Long-Term Bortezomib Treatment Reduces Allergen-Specific IgE but Fails to Ameliorate Chronic Asthma in Mice

Abstract

Background: Allergen-specific immunoglobulin (Ig) E initiates the effector cascade of allergic asthma and has been identified as a valuable target for therapeutic treatment of this disease. The proteasome inhibitor bortezomib was previously shown to deplete Ig-secreting plasma cells and to efficiently suppress Ig serum titers. The present study aimed at evaluating the therapeutic potential of the proteasome inhibitor bortezomib in allergic bronchial asthma.

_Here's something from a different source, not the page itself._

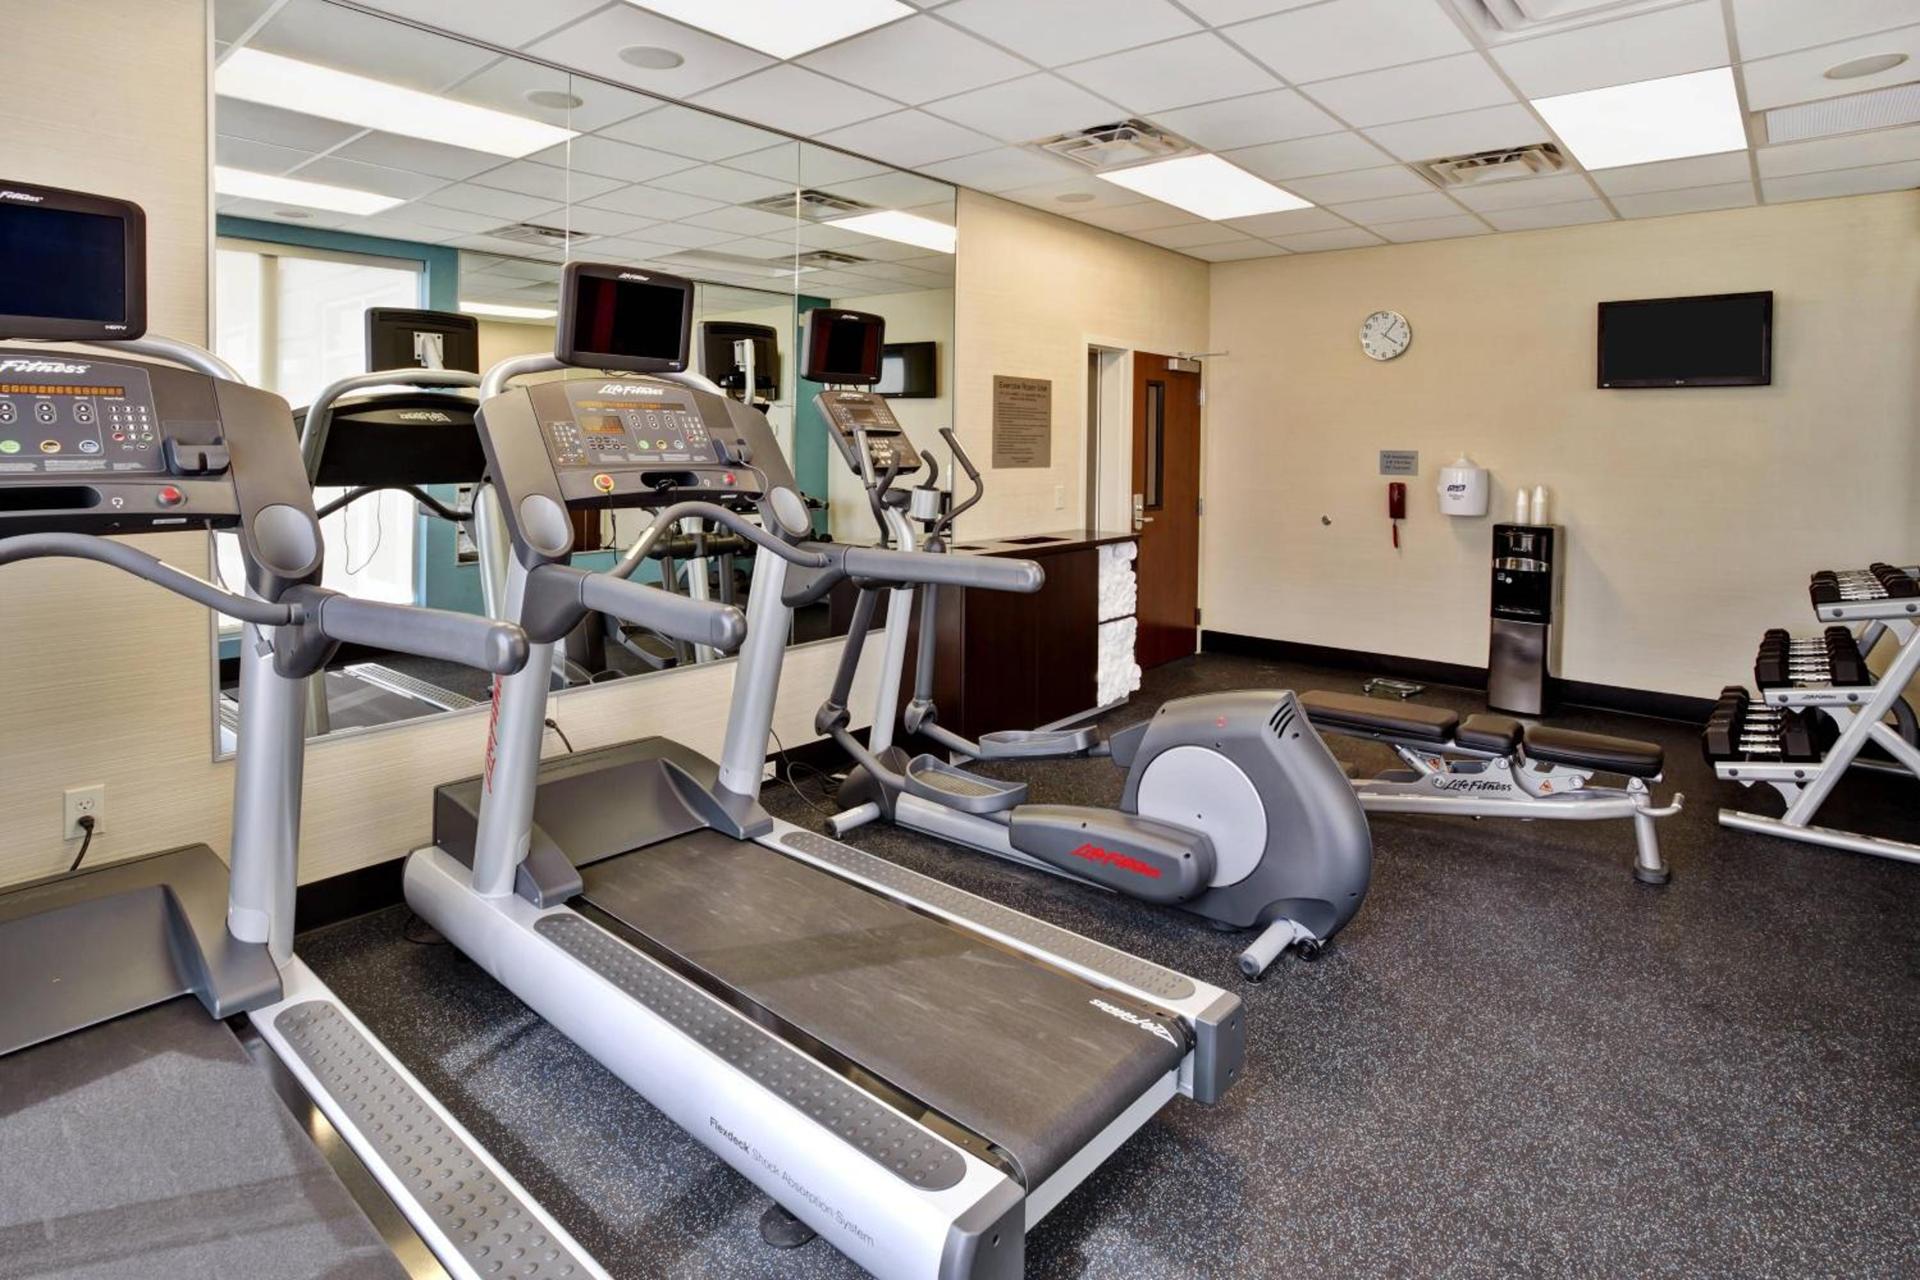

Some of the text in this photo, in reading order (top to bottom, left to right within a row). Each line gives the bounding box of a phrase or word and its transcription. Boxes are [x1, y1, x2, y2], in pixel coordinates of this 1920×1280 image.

[709, 1116, 750, 1154] Flexdeck
[752, 1147, 779, 1175] Shock
[836, 1210, 875, 1248] System

Methods: To address this question, a chronic experimental asthma mouse model was used in a therapeutic setting. Mice were sensitized to ovalbumin (OVA) and challenged with OVA aerosol for 12 weeks. After 6 weeks of challenge, bortezomib treatment was started and continued for 1 week (short-term) or 6 weeks (long-term) with a dosage of 0.75 mg/kg body weight twice a week. Lung function, lung histology, Ig serum titers and plasma cell numbers were assessed. Results: Whereas short-term treatment lowered bronchoalveolar lavage eosinophils, long-term treatment considerably reduced serum titers of anti-OVA IgE in mice with chronic experimental asthma. However, neither short-term nor long-term treatment significantly reduced plasma cell numbers, anti-OVA IgG1 serum titers or allergic airway inflammation or ablated airway hyperresponsiveness. Conclusion: Our results suggest that bortezomib treatment has only limited value as plasma cell-depleting therapy against allergic bronchial asthma.